WHAT NEEDS TO BE DONE -> Copy out all of the data below exactly, so that no word differs from the original.

Phrase grounding data ->
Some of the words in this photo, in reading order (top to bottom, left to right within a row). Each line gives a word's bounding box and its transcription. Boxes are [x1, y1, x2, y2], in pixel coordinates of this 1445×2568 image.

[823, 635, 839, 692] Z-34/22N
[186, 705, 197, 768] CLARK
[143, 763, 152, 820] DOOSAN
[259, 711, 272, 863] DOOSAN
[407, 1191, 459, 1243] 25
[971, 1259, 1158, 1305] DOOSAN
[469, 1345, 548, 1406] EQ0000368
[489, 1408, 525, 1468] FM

SOLUTION TO THE PROBLEM ->
Some of the words in this photo, in reading order (top to bottom, left to right within a row). Each line gives a word's bounding box and its transcription. Boxes are [x1, y1, x2, y2], in pixel coordinates of this 1445×2568 image.

[823, 635, 839, 692] Z-34/22N
[186, 705, 197, 768] CLARK
[143, 763, 152, 820] DOOSAN
[259, 711, 272, 863] DOOSAN
[407, 1191, 459, 1243] 25
[971, 1259, 1158, 1305] DOOSAN
[469, 1345, 548, 1406] EQ0000368
[489, 1408, 525, 1468] FM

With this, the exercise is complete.